▶ Work instructions
If an entry includes an image, drop the image and copy the rest verbatim.

━━━━━━━━━━━━━━━━

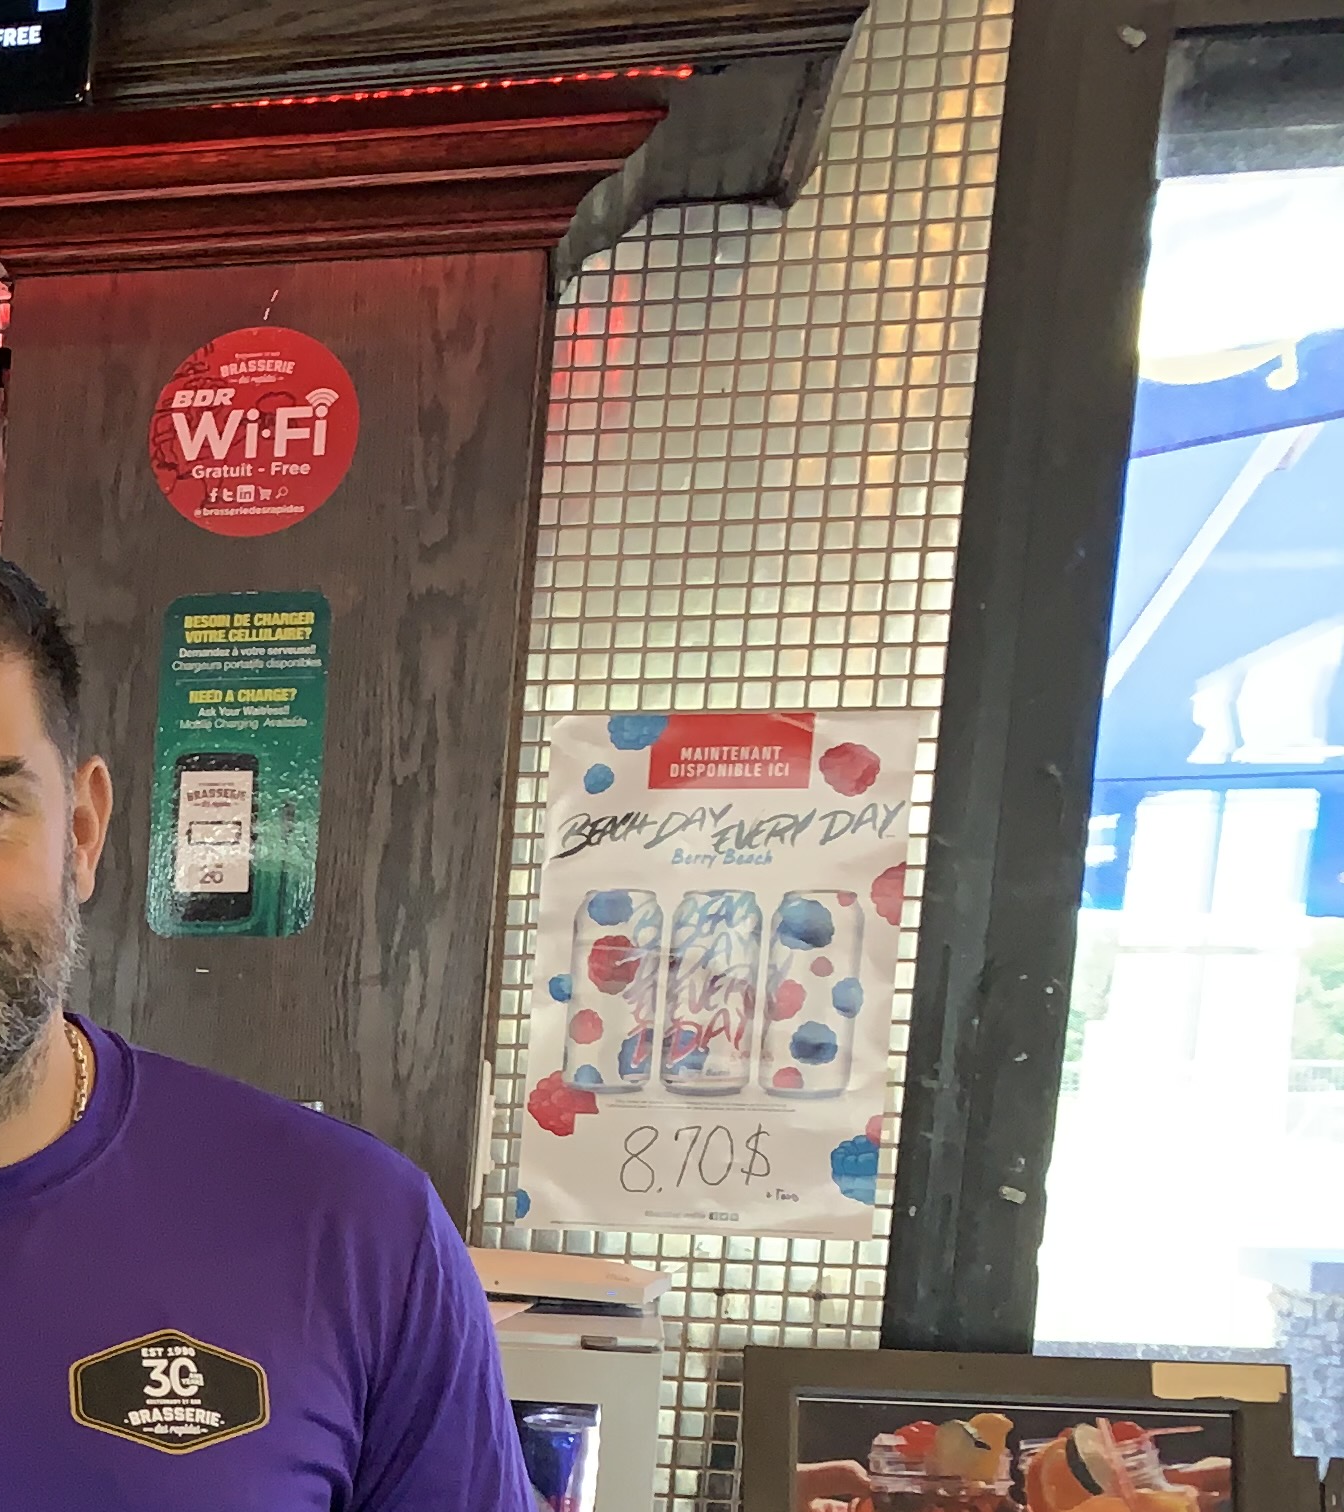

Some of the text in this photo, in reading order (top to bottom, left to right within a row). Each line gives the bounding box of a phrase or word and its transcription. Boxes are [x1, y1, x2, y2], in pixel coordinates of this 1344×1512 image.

[219, 359, 296, 377] BRASSERIE
[170, 388, 236, 408] BDR
[191, 463, 253, 479] Gratuit
[270, 461, 311, 476] Free
[234, 614, 250, 627] DE
[253, 612, 315, 626] CHARGER
[185, 629, 226, 643] VOTRE
[188, 688, 297, 704] NEED A CHARGE?
[198, 706, 216, 717] Ask
[218, 706, 241, 716] Your
[680, 746, 784, 761] MAINTENANT
[669, 762, 790, 778] DISPONIBLE ICI
[186, 788, 247, 802] BRASSERIE
[550, 800, 906, 860] BEACH DAY EVERY DAY
[671, 849, 774, 868] Berry Beach
[141, 1346, 196, 1357] EST 1990
[142, 1357, 199, 1397] 30
[127, 1406, 222, 1427] BRASSERIE

━━━━━━━━━━━━━━━━

▶ Finished task
Some of the text in this photo, in reading order (top to bottom, left to right within a row). Each line gives the bounding box of a phrase or word and its transcription. Boxes are [x1, y1, x2, y2], in pixel coordinates of this 1344×1512 image.

[219, 359, 296, 377] BRASSERIE
[170, 388, 236, 408] BDR
[191, 463, 253, 479] Gratuit
[270, 461, 311, 476] Free
[234, 614, 250, 627] DE
[253, 612, 315, 626] CHARGER
[185, 629, 226, 643] VOTRE
[188, 688, 297, 704] NEED A CHARGE?
[198, 706, 216, 717] Ask
[218, 706, 241, 716] Your
[680, 746, 784, 761] MAINTENANT
[669, 762, 790, 778] DISPONIBLE ICI
[186, 788, 247, 802] BRASSERIE
[550, 800, 906, 860] BEACH DAY EVERY DAY
[671, 849, 774, 868] Berry Beach
[141, 1346, 196, 1357] EST 1990
[142, 1357, 199, 1397] 30
[127, 1406, 222, 1427] BRASSERIE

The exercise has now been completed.